I'm now 38, and I've been with someone else (who already has 2 children) since September 2007, and we're totally loved-up! We've been having BMS but no positive result yet (been using Pre-Seed a couple of times).  I haven't had a final diagnosis as yet, I saw a consultant at Coventry and Warwickshire Centre for Reproductive Medicine in 2007, had hormone tests (all fine), a Hycosy Scan (tubes not blocked). Now I'm awaiting a further appointment as they lost my records (grrr!) to see what the next step is... 

I have been reading the stories avidly on this site, and it gives me hope that miracles do happen, especially the over 40 stories. It came as quite a shock that I didn't get pregnant as soon as I stopped taking the pill. I now regret leaving things so late in my life, but hopefully it's not too late. My mum had her first and only child at 39 (me!) and I always thought I would be able to do the same.  

So hello to you all, I'm happy to be here and I'm looking forward to getting some support and information from you all at the start of my baby quest


----------



## MadameJoJo (Feb 25, 2008)

Thanks 

I don't know what they will suggest at the next consultation because I went as a single woman last year, and was seriously considering the sperm donor route.  I'm not sure how my b/f will feel about having any tests himself. Will we both have to attend next time? I think (like a lot of men who've had children previously) he will think he's fine and no tests for him are necessary!  

I do think I am ovulating (and confirmed by the hormone tests), although I don't really see the egg white stuff. I have regular periods, a 28 day cycle, with periods that last only 3 or 4 days max. 

Does anyone have any idea what will happen at my next appointment and what treatment they may prescribe?


----------



## emsy25 (Mar 18, 2005)

Hi,

Just wanted to say hello and welcome.

Emma
x x x x


----------



## Strawberry_Angel (Feb 28, 2008)

Hello hun and a very warm welcome to FF


----------



## Caz (Jul 21, 2002)

Hello JoJo, welcome to Fertility Friends. 

I am sorry for all the sturggles you are having conceiving. I think a lot of us have "been there" with regards to coming off the pill and expecting to get pg fairly quickly.  They say that it does take up to 12 months and, in that time, most couples who are having regular sex will conceive. Normally you are advised to wait 2 years before you start worrying and seek medical help, however when you are over 35 you really can't afford to wait around so you are doing a very sensible thing in trying to sort out if there are any issues now.

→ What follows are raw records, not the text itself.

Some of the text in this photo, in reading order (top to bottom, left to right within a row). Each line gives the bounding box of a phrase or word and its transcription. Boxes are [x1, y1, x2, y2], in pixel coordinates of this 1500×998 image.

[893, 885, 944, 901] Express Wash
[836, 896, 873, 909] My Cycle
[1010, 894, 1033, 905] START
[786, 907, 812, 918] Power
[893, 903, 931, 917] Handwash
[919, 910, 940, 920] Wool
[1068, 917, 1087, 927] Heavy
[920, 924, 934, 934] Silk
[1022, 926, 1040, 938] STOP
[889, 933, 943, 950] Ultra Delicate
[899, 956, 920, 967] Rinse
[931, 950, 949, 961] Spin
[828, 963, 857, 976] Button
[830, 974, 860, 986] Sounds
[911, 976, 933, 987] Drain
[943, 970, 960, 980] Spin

It is likely that they will want to test your partner's sperm before suggesting a course of action. Even if he has conceived previously with no issues that does not mean to say things are still ok (my DH has 2 grown up sons from a previous marriage but still turned out to have some slight male factor problems when it came to ttc with me). If nothing else then it is necessary to "rule out" your partner from having issues and certainly necssary to decide on the most appropriate course of action for you. I understand it might be quite hard for him to accept he has to be tested but, in all likelihood, you won't be able to get around that and, believe it or not but you can make the doing the sample thing a bit of fun if you put your mind to it!  
Perhaps it would be a good idea for him to come to your consultation with you so that he can hear this from a medical professional if you think he might react negatively to the suggestion?

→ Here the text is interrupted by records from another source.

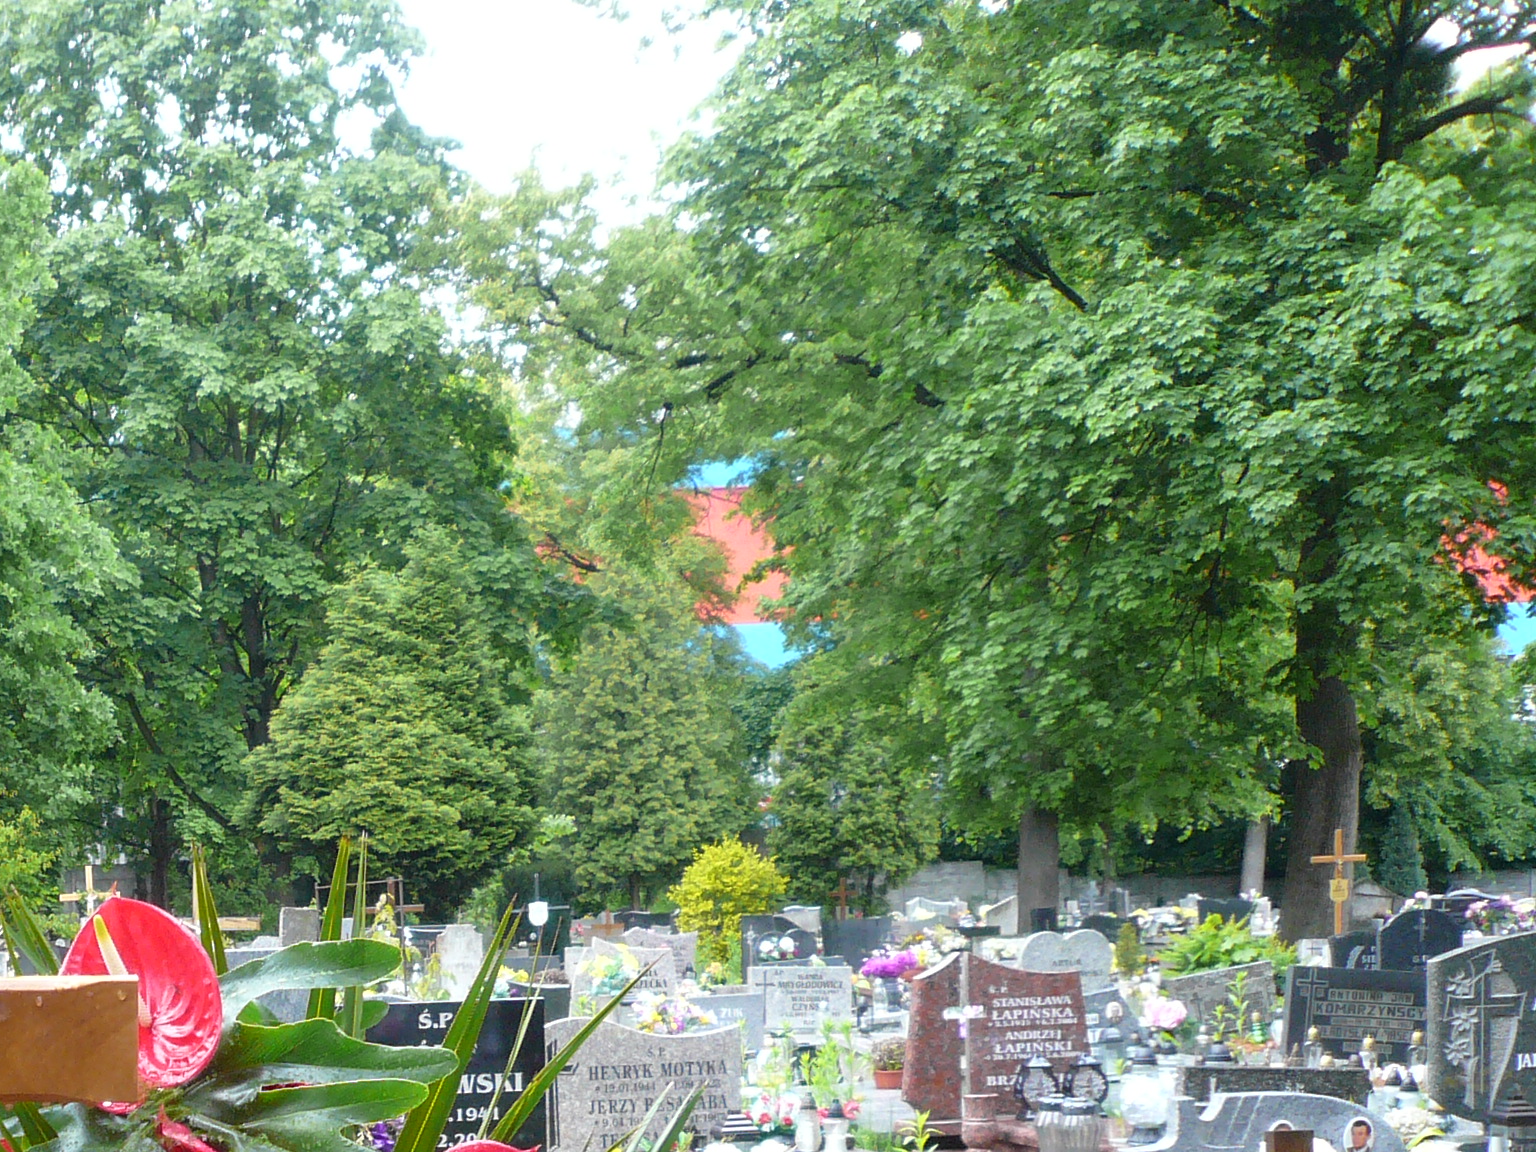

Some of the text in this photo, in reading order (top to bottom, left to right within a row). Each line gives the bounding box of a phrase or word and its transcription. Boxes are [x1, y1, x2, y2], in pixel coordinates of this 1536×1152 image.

[991, 995, 1072, 1008] STANISŁAWA
[991, 1006, 1075, 1021] ŁAPIŃSKA
[1005, 1029, 1062, 1041] ANDRZEJ
[994, 1040, 1073, 1054] ŁAPIŃSKI
[588, 1060, 728, 1081] HENRYK MOTYKA
[588, 1099, 637, 1116] JERZY

I will leave you a few links to some parts of the board that I hope you will find useful:

*What Every New Member Needs To Know (includes a list of common abbreviations) ~ *   CLICK HERE

*FERTILITY INFO GUIDES ~ *CLICK HERE

*Starting out & Diagnosis ~ *CLICK HERE

And don't forget to have a bit of fun while you are on FF and check out the general chit chat / jokes / hobbies area:

*Girl & Boy talk - Community & Fun Board ~ *CLICK HERE

You can also "meet" and chat with people in your local area through the *Location boards*. This is especially useful to find people who may be using the same clinic and or in the same PCT area.

Wishing you lots of luck! 

C~x


----------



## Kamac80 (Nov 24, 2005)

Hi madamejojo and welcome to the site 

You have come to a fantastic place full of advice and support.

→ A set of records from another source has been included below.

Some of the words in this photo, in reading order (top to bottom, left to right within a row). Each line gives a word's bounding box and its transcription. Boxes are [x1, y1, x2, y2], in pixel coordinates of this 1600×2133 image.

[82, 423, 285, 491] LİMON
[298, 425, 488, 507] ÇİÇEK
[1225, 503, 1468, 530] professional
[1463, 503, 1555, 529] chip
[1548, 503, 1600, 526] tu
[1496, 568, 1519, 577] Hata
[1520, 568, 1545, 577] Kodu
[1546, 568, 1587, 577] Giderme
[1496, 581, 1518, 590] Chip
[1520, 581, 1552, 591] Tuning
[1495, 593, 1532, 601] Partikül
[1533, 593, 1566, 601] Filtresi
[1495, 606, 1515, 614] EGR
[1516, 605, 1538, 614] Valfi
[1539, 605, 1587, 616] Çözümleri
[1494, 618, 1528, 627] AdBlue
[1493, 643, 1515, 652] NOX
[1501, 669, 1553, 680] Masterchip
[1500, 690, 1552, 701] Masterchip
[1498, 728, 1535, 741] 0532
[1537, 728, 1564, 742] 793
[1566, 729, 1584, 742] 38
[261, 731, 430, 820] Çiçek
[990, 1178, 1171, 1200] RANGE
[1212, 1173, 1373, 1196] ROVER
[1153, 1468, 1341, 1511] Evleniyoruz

You have been left some great links to try out.

I wish you loads of luck with the future and that you get a positive result.

Kate xx​


----------



## MadameJoJo (Feb 25, 2008)

Period arrived today so hopes dashed once again...but I'm going to stay positive 

Thanks for all the messages and support. I've got an appointment tomorrow so fingers crossed for the next step, whatever that might be. 

I'll keep y'all posted.


----------



## MadameJoJo (Feb 25, 2008)

Hello!

I have just returned from the clinic this afternoon. Basically they said that they hadn't contacted me because last time I visited I mentioned I had just met someone. I still think that they should have contacted me as a follow up to my last appointment, just a letter confirming that they could not find anything wrong would have sufficed but no contact at all seemed a little weird and confusing.

Anyway, my consultant took my partner's details (he wasn't able to accompany me today as he is on Easter hols with his daughter) and said that DP will need to do a sperm test. He said that 6 months of TTC is not very long, and there's nothing obviously wrong with me. He said the only other test he could put me forward for is a laparoscopy, in case I have scar tissue from the removal of my ovarian cyst 18 years ago. He said this was not without risks and sounded as if he was trying to put me off having it done. I'm not sure what the risks are. After pressing him a little, he has suggested I have a further appointment in 2 months' time for a 'review' as I am concerned that leaving it much longer will rule me out for further treatment. I also had a further day 2 blood test as the last one was in Jan 2007 (luckily my appointment coincided with my 2nd day of my period!)

The consultant took details of DP's drinking and smoking habits (he does both). He said that the review will look at the quality of DP's sperm and then it will decide on the best course of action from there. Even though DP has a 5 yr old son and a 10 yr old daughter, the quality of his sperm may have gone down in the preceding years, although there always seems to be lots of it!! (sorry too much info!) We are going away for a long weekend to Spain on Thursday and I think I will have a talk to DP whilst we're away, and gauge his reaction to the next inevitable step. It's not going to be easy, but at least I have another appointment in May so I'm still on my clinic's radar. 

In the meantime, I am going to concentrate on lots of BMS and boosting my immune system and hopefully my fertility (lots of superfoods and maybe some acupuncture). Are there any books I could get on eating to improve fertility?


----------



## Strawberries (Apr 6, 2005)

*Hi JoJo,

Just like to say hello and to fertility friends 

Strawberries x *


----------



## MadameJoJo (Feb 25, 2008)

Good evening to you all...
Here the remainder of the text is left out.